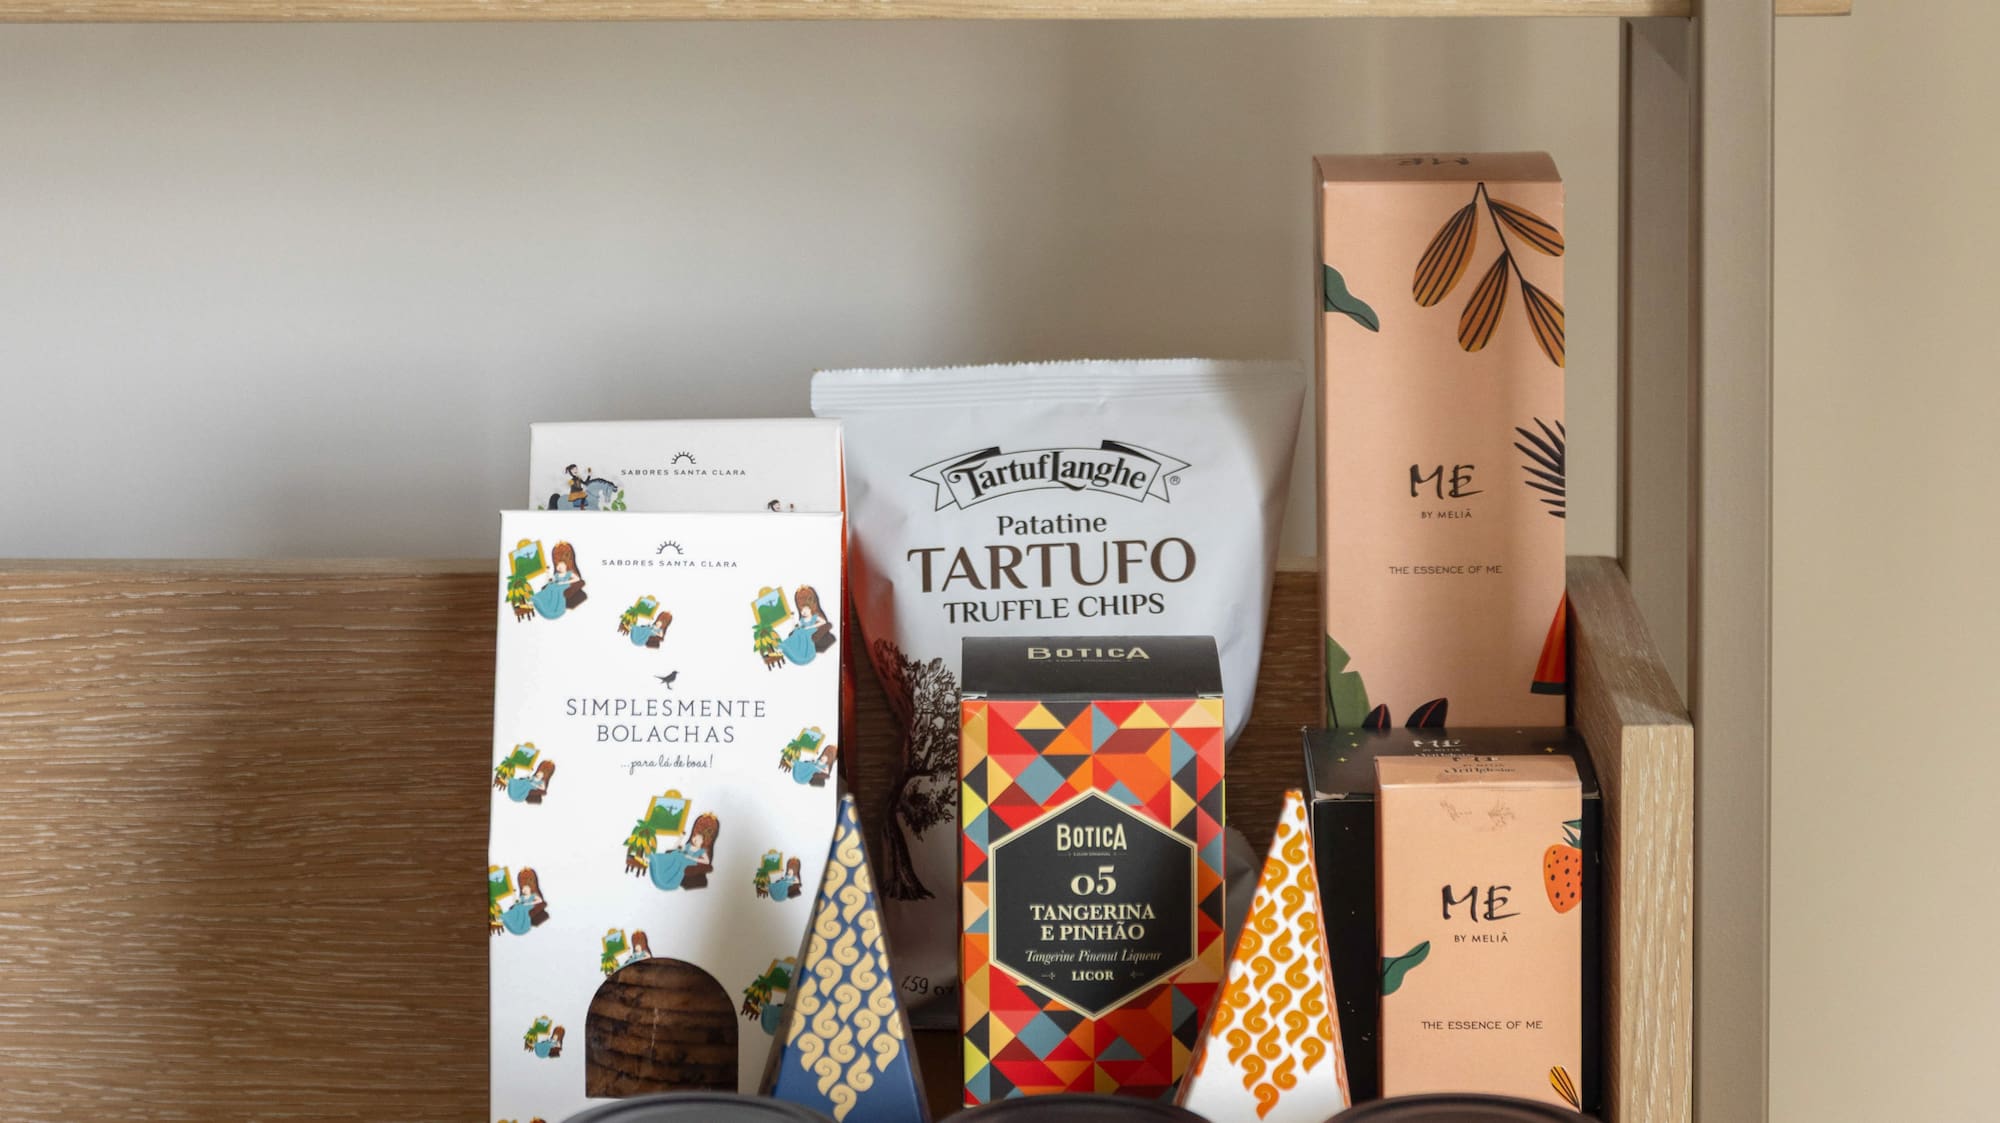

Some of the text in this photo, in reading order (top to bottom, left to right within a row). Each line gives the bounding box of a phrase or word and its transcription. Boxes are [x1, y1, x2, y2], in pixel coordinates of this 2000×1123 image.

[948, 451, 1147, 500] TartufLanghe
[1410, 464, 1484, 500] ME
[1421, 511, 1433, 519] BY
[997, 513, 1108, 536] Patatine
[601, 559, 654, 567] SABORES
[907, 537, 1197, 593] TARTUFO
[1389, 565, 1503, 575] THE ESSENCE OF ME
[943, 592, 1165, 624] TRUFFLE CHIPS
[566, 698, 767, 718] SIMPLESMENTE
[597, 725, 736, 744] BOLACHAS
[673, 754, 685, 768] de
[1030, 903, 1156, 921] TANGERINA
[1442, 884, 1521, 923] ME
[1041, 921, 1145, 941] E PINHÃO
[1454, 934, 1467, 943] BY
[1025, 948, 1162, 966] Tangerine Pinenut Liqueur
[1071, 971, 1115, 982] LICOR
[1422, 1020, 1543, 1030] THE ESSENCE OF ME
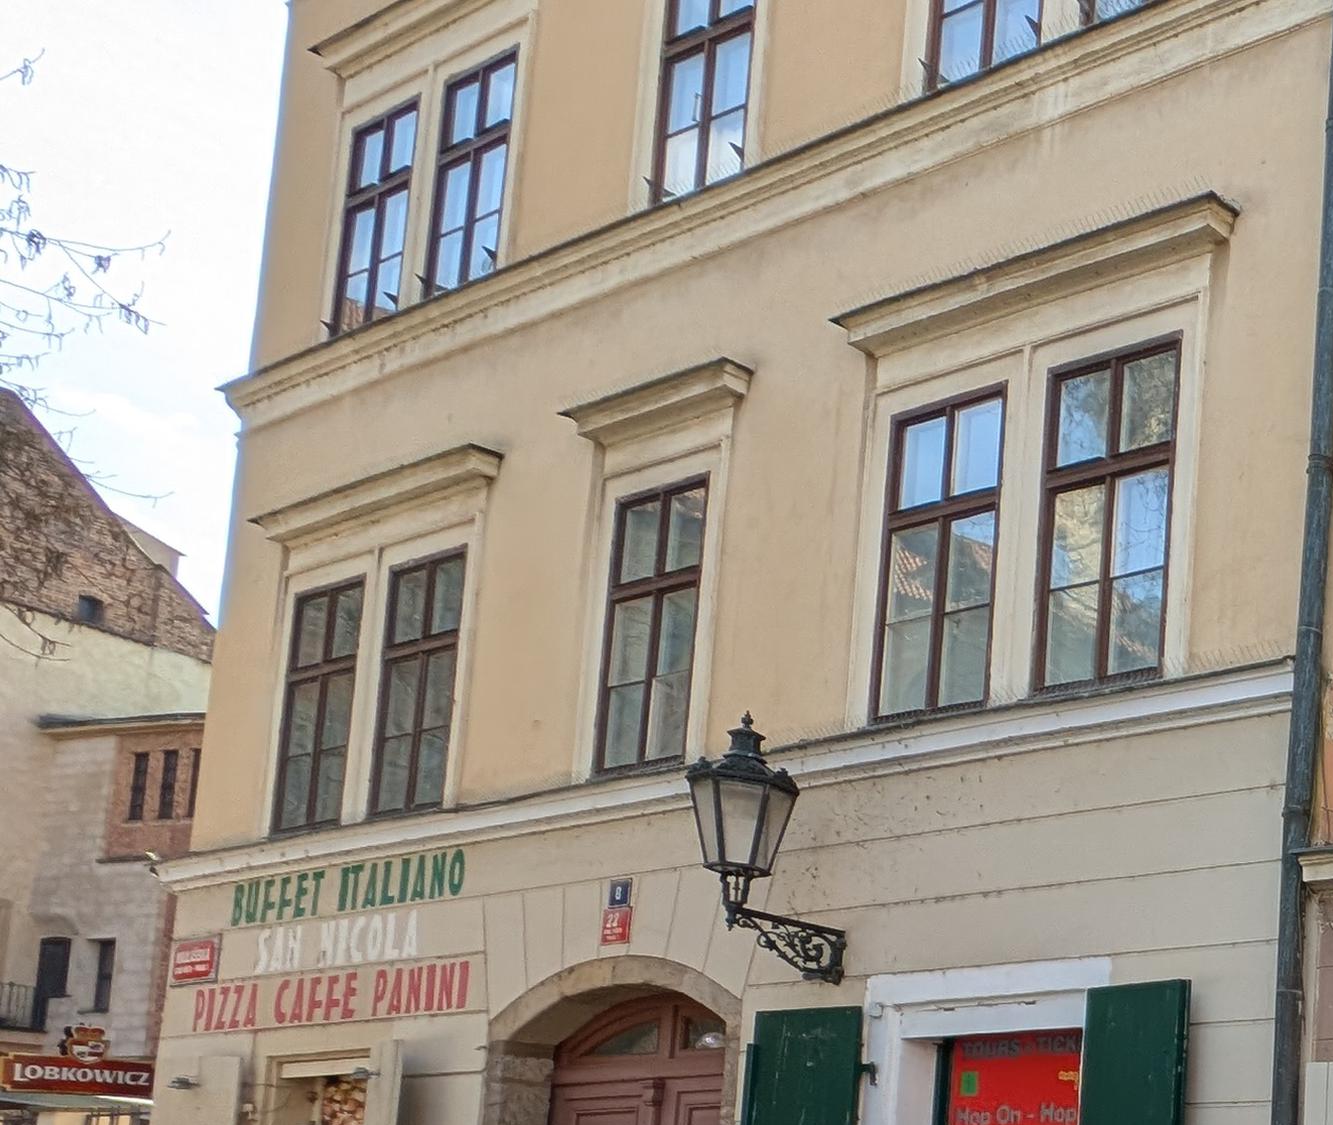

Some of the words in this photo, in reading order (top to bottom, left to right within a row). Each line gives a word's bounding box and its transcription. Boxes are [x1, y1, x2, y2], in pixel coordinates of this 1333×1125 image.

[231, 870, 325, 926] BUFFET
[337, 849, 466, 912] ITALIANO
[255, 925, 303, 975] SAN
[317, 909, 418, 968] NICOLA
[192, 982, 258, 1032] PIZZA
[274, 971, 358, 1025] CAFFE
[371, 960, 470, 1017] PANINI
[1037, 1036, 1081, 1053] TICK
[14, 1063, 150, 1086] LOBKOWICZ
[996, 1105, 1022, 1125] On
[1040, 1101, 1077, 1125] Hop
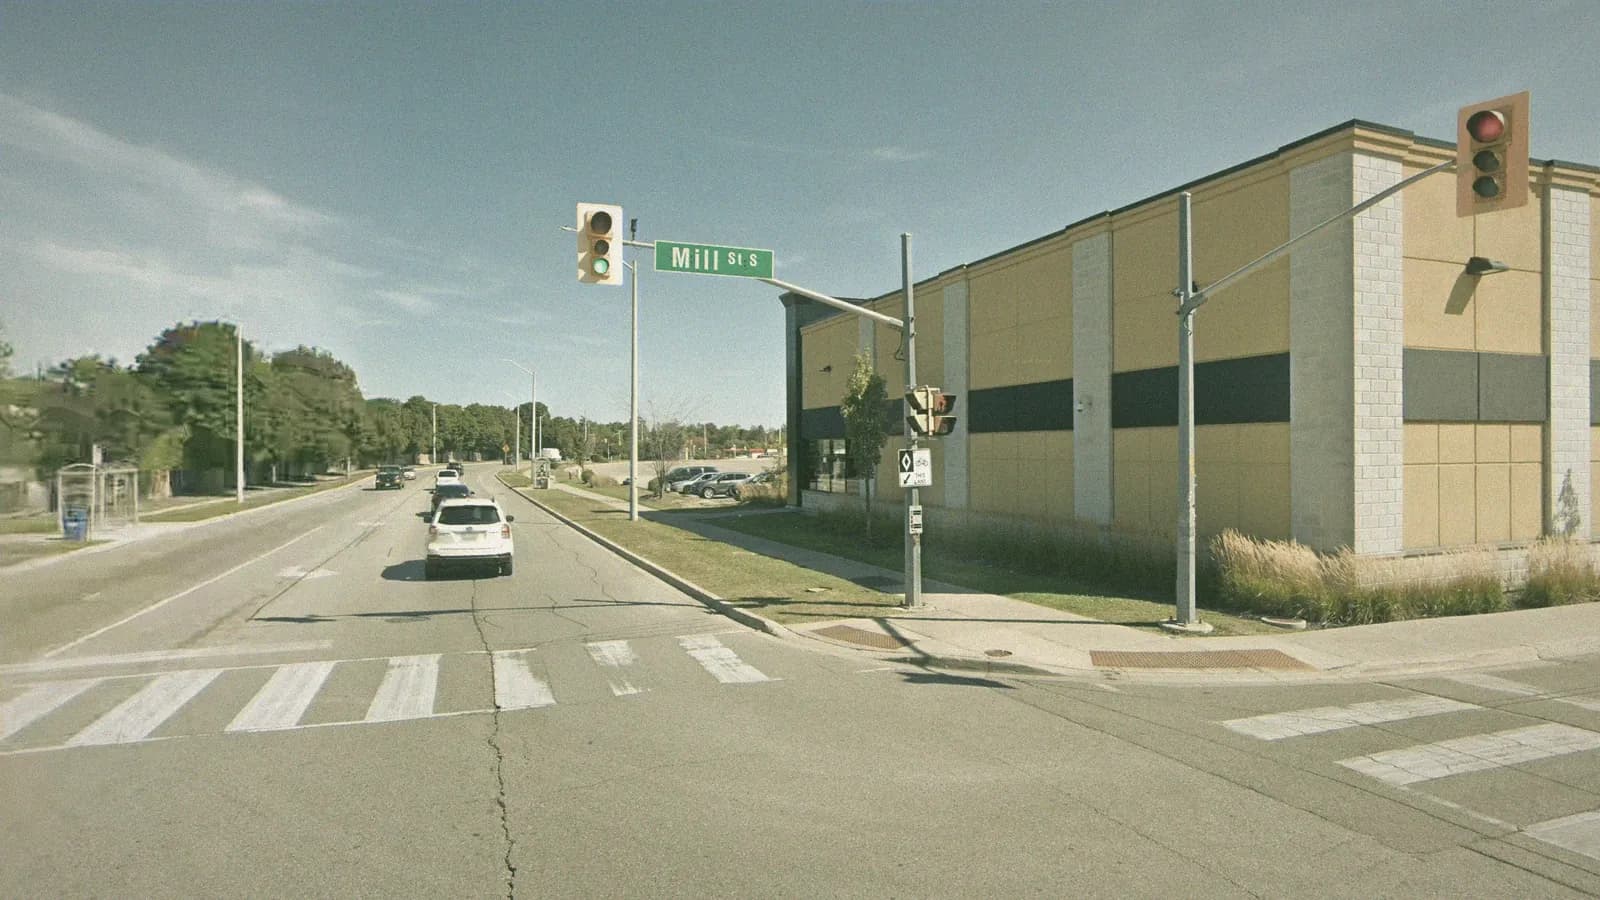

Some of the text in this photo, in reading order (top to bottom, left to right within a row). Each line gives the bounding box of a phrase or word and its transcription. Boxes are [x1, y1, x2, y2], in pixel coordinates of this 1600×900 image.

**PROBLEM DETAILS:**
Without including any pictures, copy every line above exactly.

**ANSWER SECTION:**
Some of the text in this photo, in reading order (top to bottom, left to right within a row). Each line gives the bounding box of a phrase or word and its transcription. Boxes are [x1, y1, x2, y2], in pixel coordinates of this 2000×1123 image.

[948, 451, 1147, 500] TartufLanghe
[1410, 464, 1484, 500] ME
[1421, 511, 1433, 519] BY
[997, 513, 1108, 536] Patatine
[601, 559, 654, 567] SABORES
[907, 537, 1197, 593] TARTUFO
[1389, 565, 1503, 575] THE ESSENCE OF ME
[943, 592, 1165, 624] TRUFFLE CHIPS
[566, 698, 767, 718] SIMPLESMENTE
[597, 725, 736, 744] BOLACHAS
[673, 754, 685, 768] de
[1030, 903, 1156, 921] TANGERINA
[1442, 884, 1521, 923] ME
[1041, 921, 1145, 941] E PINHÃO
[1454, 934, 1467, 943] BY
[1025, 948, 1162, 966] Tangerine Pinenut Liqueur
[1071, 971, 1115, 982] LICOR
[1422, 1020, 1543, 1030] THE ESSENCE OF ME

Some of the words in this photo, in reading order (top to bottom, left to right within a row). Each line gives a word's bounding box and its transcription. Boxes are [x1, y1, x2, y2], in pixel coordinates of this 1333×1125 image.

[231, 870, 325, 926] BUFFET
[337, 849, 466, 912] ITALIANO
[255, 925, 303, 975] SAN
[317, 909, 418, 968] NICOLA
[192, 982, 258, 1032] PIZZA
[274, 971, 358, 1025] CAFFE
[371, 960, 470, 1017] PANINI
[1037, 1036, 1081, 1053] TICK
[14, 1063, 150, 1086] LOBKOWICZ
[996, 1105, 1022, 1125] On
[1040, 1101, 1077, 1125] Hop

Some of the text in this photo, in reading order (top to bottom, left to right within a row). Each line gives the bounding box of a phrase or word and its transcription. Boxes are [x1, y1, x2, y2], in pixel coordinates of this 1600×900 image.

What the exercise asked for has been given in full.